## Problem statement
Please transcribe the following records in full, exactly as given.

··· Data for processing ···

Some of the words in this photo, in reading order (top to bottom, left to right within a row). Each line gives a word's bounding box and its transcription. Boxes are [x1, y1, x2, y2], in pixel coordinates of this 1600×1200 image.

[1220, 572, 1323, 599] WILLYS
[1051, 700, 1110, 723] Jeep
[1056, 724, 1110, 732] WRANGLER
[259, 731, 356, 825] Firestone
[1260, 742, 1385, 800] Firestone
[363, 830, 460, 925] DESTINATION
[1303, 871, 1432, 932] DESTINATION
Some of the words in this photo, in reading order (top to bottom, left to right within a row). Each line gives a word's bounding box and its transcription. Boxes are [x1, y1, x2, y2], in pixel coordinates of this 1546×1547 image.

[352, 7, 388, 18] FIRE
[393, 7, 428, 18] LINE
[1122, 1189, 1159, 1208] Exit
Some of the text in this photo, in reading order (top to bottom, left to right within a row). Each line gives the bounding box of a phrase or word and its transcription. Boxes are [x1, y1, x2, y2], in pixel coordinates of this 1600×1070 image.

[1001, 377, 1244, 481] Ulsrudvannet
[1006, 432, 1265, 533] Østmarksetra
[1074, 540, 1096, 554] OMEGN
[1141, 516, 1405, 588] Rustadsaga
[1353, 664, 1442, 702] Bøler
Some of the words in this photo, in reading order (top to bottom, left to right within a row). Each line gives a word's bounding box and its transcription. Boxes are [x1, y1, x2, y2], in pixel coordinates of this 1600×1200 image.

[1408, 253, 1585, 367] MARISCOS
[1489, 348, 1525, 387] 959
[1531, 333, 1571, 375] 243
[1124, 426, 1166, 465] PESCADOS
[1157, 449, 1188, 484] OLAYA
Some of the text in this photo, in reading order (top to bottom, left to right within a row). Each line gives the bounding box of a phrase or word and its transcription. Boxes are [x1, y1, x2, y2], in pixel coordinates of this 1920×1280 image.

···

## Output of the task
Some of the words in this photo, in reading order (top to bottom, left to right within a row). Each line gives a word's bounding box and its transcription. Boxes are [x1, y1, x2, y2], in pixel coordinates of this 1600×1200 image.

[1220, 572, 1323, 599] WILLYS
[1051, 700, 1110, 723] Jeep
[1056, 724, 1110, 732] WRANGLER
[259, 731, 356, 825] Firestone
[1260, 742, 1385, 800] Firestone
[363, 830, 460, 925] DESTINATION
[1303, 871, 1432, 932] DESTINATION
Some of the words in this photo, in reading order (top to bottom, left to right within a row). Each line gives a word's bounding box and its transcription. Boxes are [x1, y1, x2, y2], in pixel coordinates of this 1546×1547 image.

[352, 7, 388, 18] FIRE
[393, 7, 428, 18] LINE
[1122, 1189, 1159, 1208] Exit
Some of the text in this photo, in reading order (top to bottom, left to right within a row). Each line gives the bounding box of a phrase or word and its transcription. Boxes are [x1, y1, x2, y2], in pixel coordinates of this 1600×1070 image.

[1001, 377, 1244, 481] Ulsrudvannet
[1006, 432, 1265, 533] Østmarksetra
[1074, 540, 1096, 554] OMEGN
[1141, 516, 1405, 588] Rustadsaga
[1353, 664, 1442, 702] Bøler
Some of the words in this photo, in reading order (top to bottom, left to right within a row). Each line gives a word's bounding box and its transcription. Boxes are [x1, y1, x2, y2], in pixel coordinates of this 1600×1200 image.

[1408, 253, 1585, 367] MARISCOS
[1489, 348, 1525, 387] 959
[1531, 333, 1571, 375] 243
[1124, 426, 1166, 465] PESCADOS
[1157, 449, 1188, 484] OLAYA
Some of the text in this photo, in reading order (top to bottom, left to right within a row). Each line gives the bounding box of a phrase or word and its transcription. Boxes are [x1, y1, x2, y2], in pixel coordinates of this 1920×1280 image.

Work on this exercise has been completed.